Dans les années 1970, Robert Bourassa a inventé le concept de « fédéralisme rentable » pour répliquer au discours indépendantiste. C’est un très mauvais concept pour défendre le fédéralisme. Dans la tête de beaucoup de Québécois, la rentabilité du fédéralisme, c’est la quantité d’argent qu’on réussit à soutirer au reste du Canada.
Autant les gouvernements fédéralistes que les gouvernements séparatistes du Québec se sont servis de la menace de la séparation pour aller chercher plus d’argent. Vous vous souvenez de la Commission Bélanger-Campeau ? Du débat sur le déséquilibre fiscal ? C’est toujours le même discours, la même politique de quémandage. Même si les montants en provenance d’Ottawa augmentent, la réaction est que ce n’est jamais assez. On en veut toujours plus, sinon c’est la preuve que le fédéralisme n’est pas rentable.
Le Québec recevra cette année 9,3 milliards de dollars en paiements de péréquation. C’est plus de la moitié des 16,7 milliards du programme. Ça, c’est de l’argent qui provient des provinces plus riches comme l’Alberta, la Colombie-Britannique et la Saskatchewan.
C’est vrai que d’autres provinces, comme le Manitoba et les trois provinces maritimes, reçoivent encore plus de péréquation per capita que le Québec et sont donc encore plus dépendantes d’Ottawa. Mais ce n’est pas une excuse. En tant que Québécois, je ne suis pas très fier de voir que nous sommes une province pauvre qui reçoit de la péréquation.
Et si nous sommes plus pauvres, ce n’est pas la faute du reste du Canada, comme le prétendent les indépendantistes. Il devrait être assez évident qu’un interventionnisme étatique effréné ne conduit pas à la prospérité. Si c’était le cas, le Québec serait la région la plus riche en Amérique du Nord au lieu d’être l’une des plus pauvres.
Si nous sommes plus pauvres, c’est à cause de mauvaises politiques économiques qui rendent l’économie du Québec moins productive; c’est parce que le premier réflexe d’une bonne partie de notre classe politique est d’aller constamment quêter plus d’argent à Ottawa au lieu de prendre les décisions qui s’imposent pour régler nos problèmes.
Il faut cesser de voir notre appartenance à ce pays de façon égoïste, uniquement comme un avantage financier pour nous. Prendre notre place au sein du Canada, ça implique de s’engager de façon responsable avec nos partenaires canadiens pour mieux faire fonctionner ce pays pour TOUTES ses régions et TOUS ses citoyens.

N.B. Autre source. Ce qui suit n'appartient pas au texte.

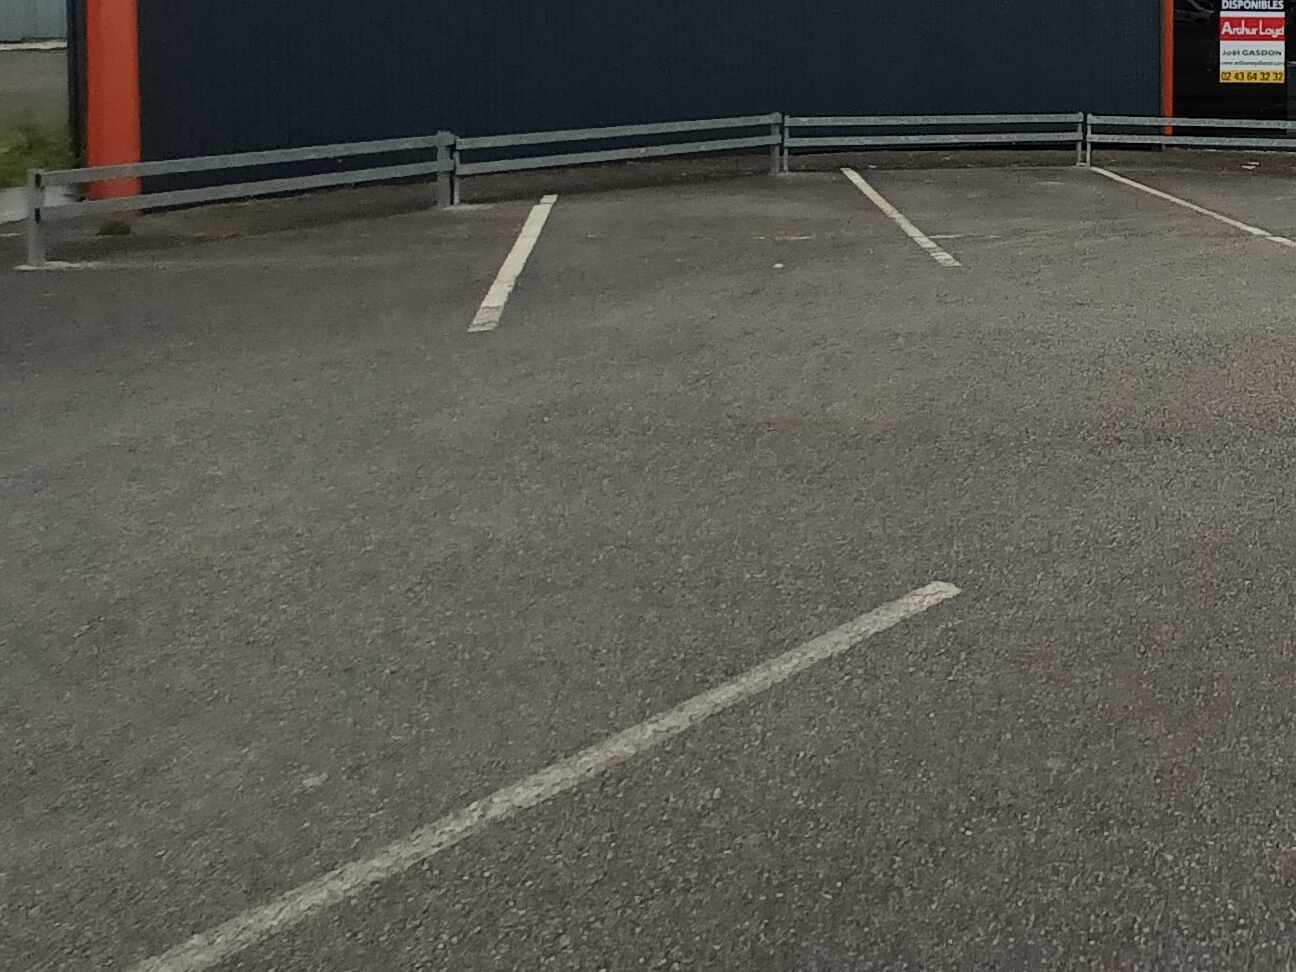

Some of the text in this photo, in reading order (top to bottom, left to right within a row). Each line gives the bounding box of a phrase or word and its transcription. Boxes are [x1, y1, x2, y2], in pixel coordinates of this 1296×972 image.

[1221, 0, 1285, 10] DISPONIBLES
[1259, 19, 1285, 39] Loyd
[1221, 71, 1284, 81] 02 43 64 32 32
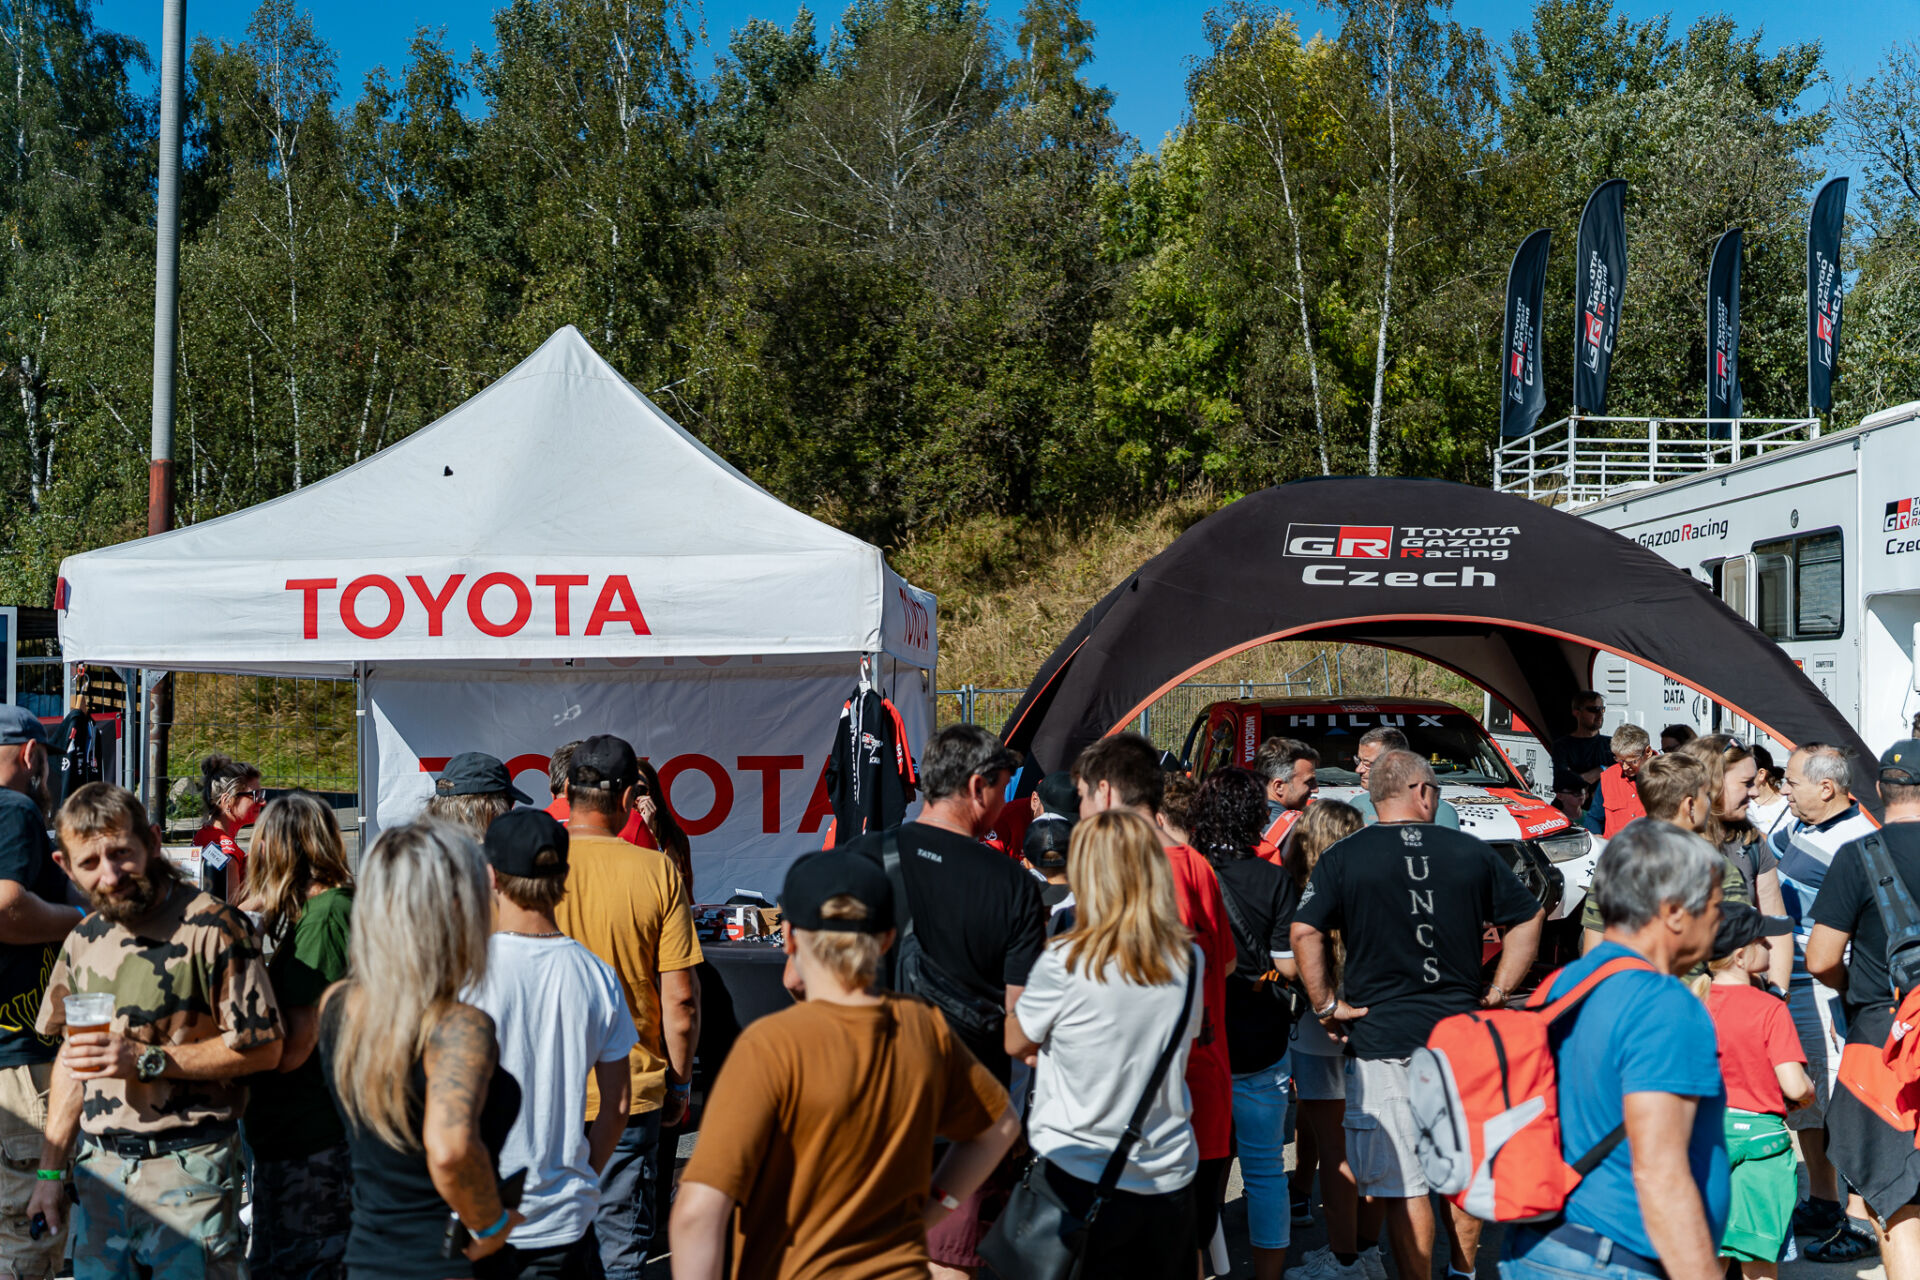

Enfin, le troisième grand changement d’attitude qui m’apparaît crucial touche la réforme du fédéralisme.
C’est un truisme depuis plus d’une génération qu’il n’y a qu’une position constitutionnelle qui pourrait rallier une large majorité de Québécois : un Québec plus autonome dans un Canada uni. Un fédéralisme le plus décentralisé possible et respectueux des champs de compétence provinciale.
Mais cette position autonomiste a toujours été très mal défendue. La raison est que depuis 50 ans, les gouvernements québécois successifs l’ont affaiblie en faisant constamment des demandes irréalistes.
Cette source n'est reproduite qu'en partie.